**Directions for this task**
Nothing but the text of the listing, repeated exactly, belongs in the answer; leave the images out.

**Source material**
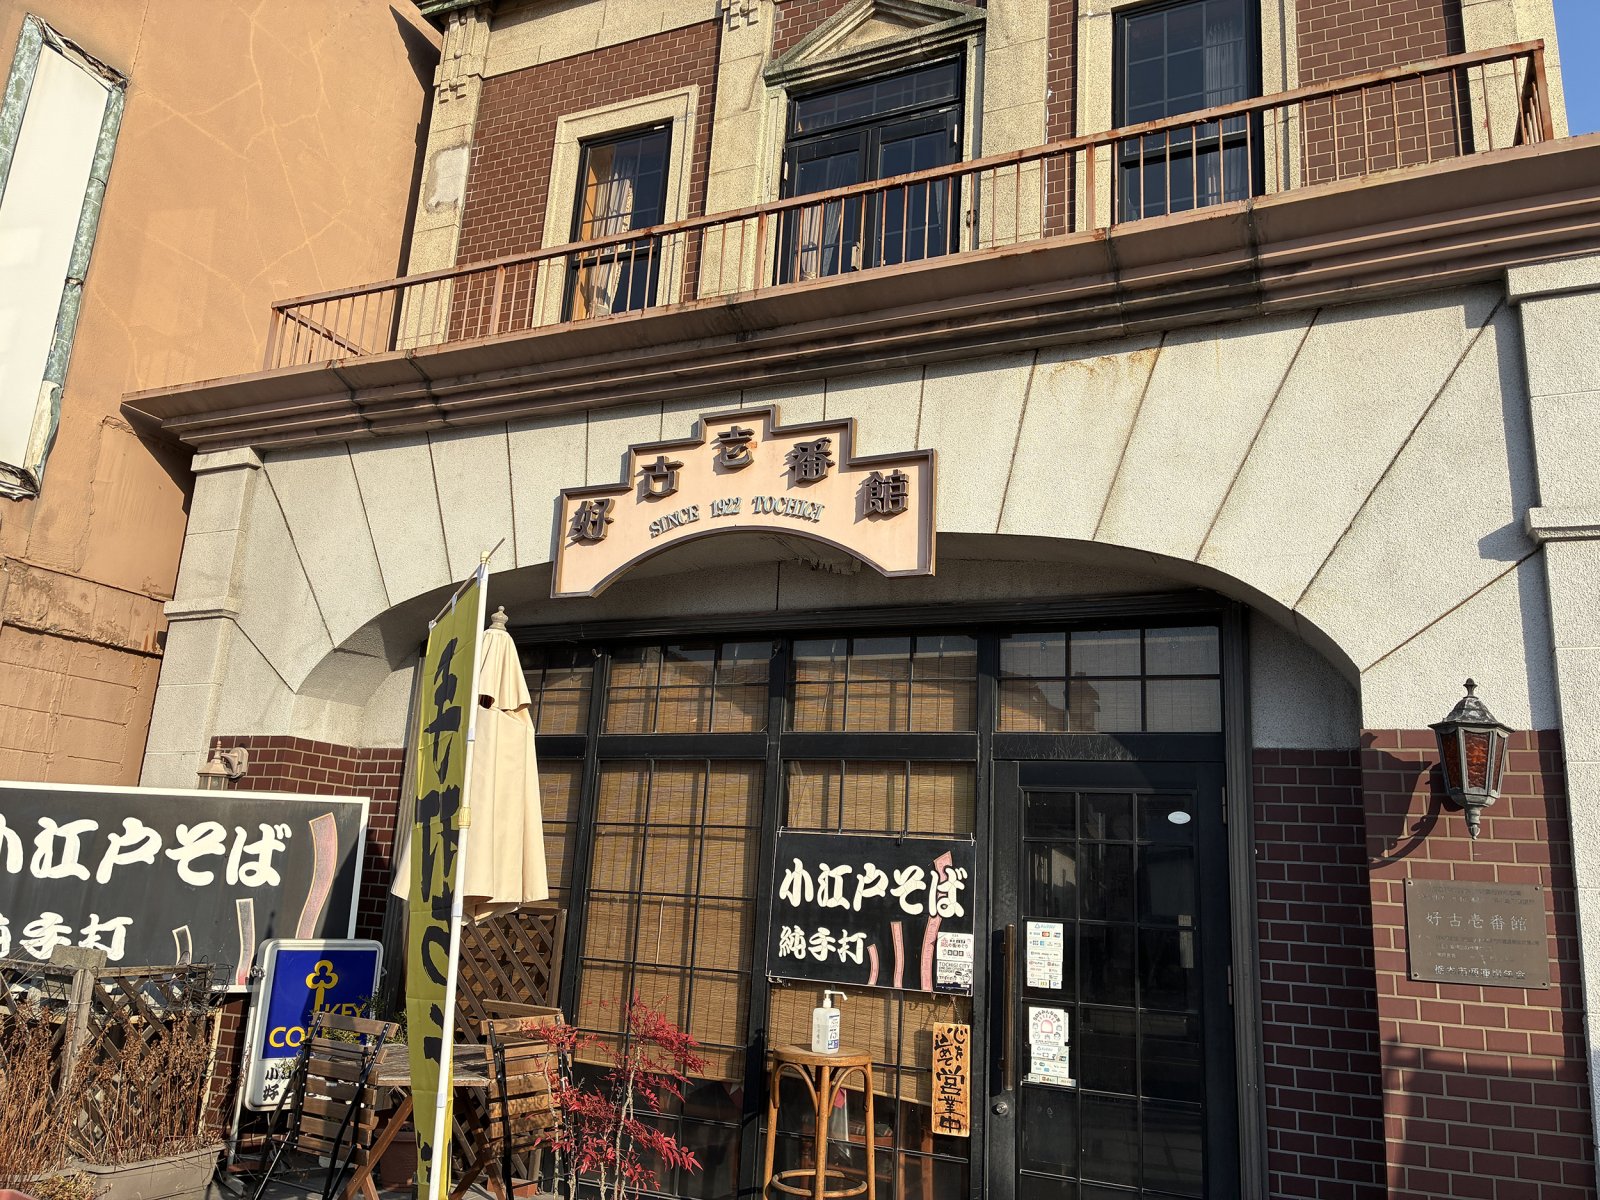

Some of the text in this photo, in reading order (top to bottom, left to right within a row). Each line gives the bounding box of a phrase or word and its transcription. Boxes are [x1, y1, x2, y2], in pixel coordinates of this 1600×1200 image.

[649, 496, 825, 538] SINCE 1922 TOCHIGI
[778, 857, 968, 918] 小江戸そば
[0, 911, 133, 961] 手打
[778, 924, 868, 965] 純手打
[934, 1064, 966, 1134] 営業中
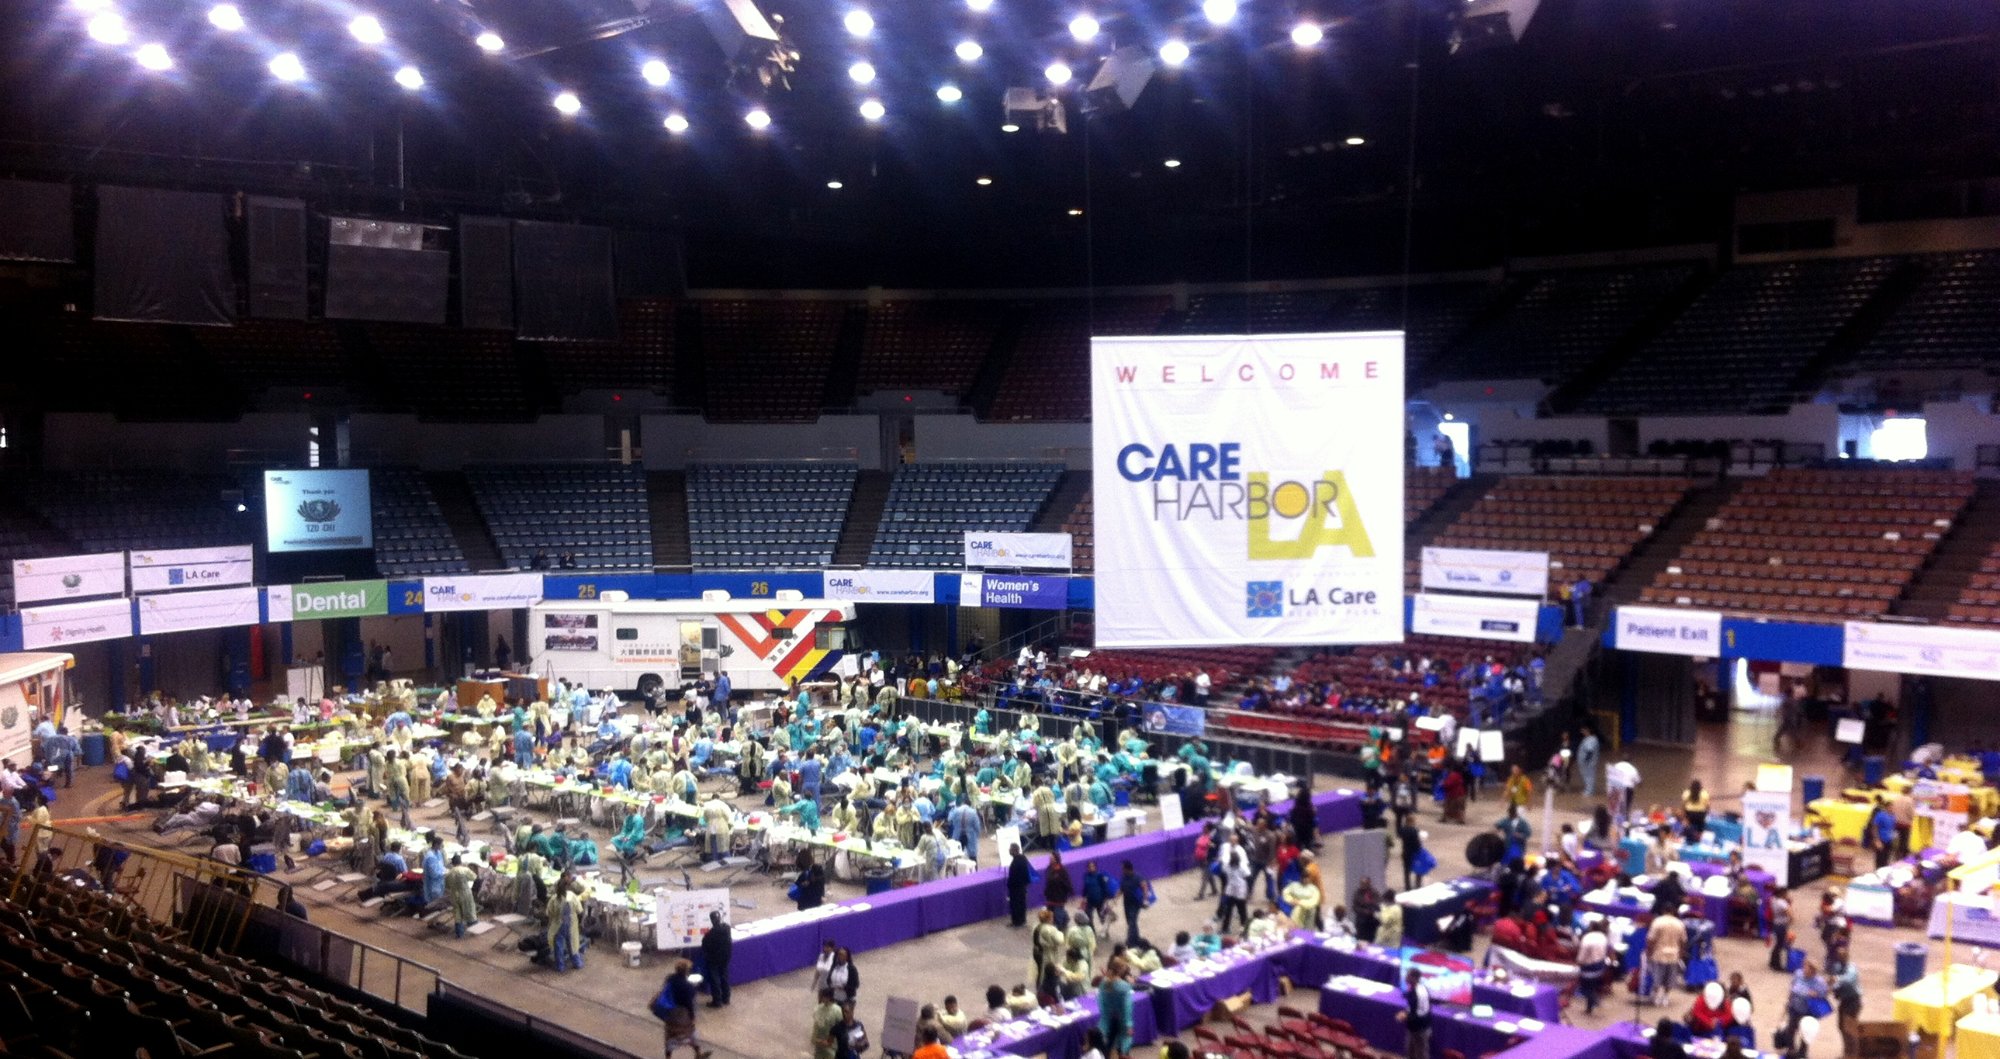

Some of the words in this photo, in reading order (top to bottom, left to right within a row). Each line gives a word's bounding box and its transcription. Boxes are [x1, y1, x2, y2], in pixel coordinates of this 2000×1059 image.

[1116, 361, 1378, 383] WELCOME
[1117, 443, 1241, 482] CARE
[1153, 480, 1339, 521] HARBOR
[1247, 470, 1376, 560] LA
[970, 541, 993, 550] CARE
[201, 569, 221, 579] Care
[751, 582, 769, 595] 26
[829, 578, 854, 587] CARE
[986, 579, 1040, 592] Women's
[430, 586, 456, 595] CARE
[578, 584, 596, 599] 25
[1328, 587, 1377, 605] Care
[295, 589, 366, 613] Dental
[405, 591, 423, 606] 24
[985, 592, 1023, 605] Health
[1626, 622, 1676, 639] Patient
[1746, 827, 1782, 849] LA

**Your solution**
Some of the text in this photo, in reading order (top to bottom, left to right within a row). Each line gives the bounding box of a phrase or word and its transcription. Boxes are [x1, y1, x2, y2], in pixel coordinates of this 1600×1200 image.

[649, 496, 825, 538] SINCE 1922 TOCHIGI
[778, 857, 968, 918] 小江戸そば
[0, 911, 133, 961] 手打
[778, 924, 868, 965] 純手打
[934, 1064, 966, 1134] 営業中

Some of the words in this photo, in reading order (top to bottom, left to right within a row). Each line gives a word's bounding box and its transcription. Boxes are [x1, y1, x2, y2], in pixel coordinates of this 2000×1059 image.

[1116, 361, 1378, 383] WELCOME
[1117, 443, 1241, 482] CARE
[1153, 480, 1339, 521] HARBOR
[1247, 470, 1376, 560] LA
[970, 541, 993, 550] CARE
[201, 569, 221, 579] Care
[751, 582, 769, 595] 26
[829, 578, 854, 587] CARE
[986, 579, 1040, 592] Women's
[430, 586, 456, 595] CARE
[578, 584, 596, 599] 25
[1328, 587, 1377, 605] Care
[295, 589, 366, 613] Dental
[405, 591, 423, 606] 24
[985, 592, 1023, 605] Health
[1626, 622, 1676, 639] Patient
[1746, 827, 1782, 849] LA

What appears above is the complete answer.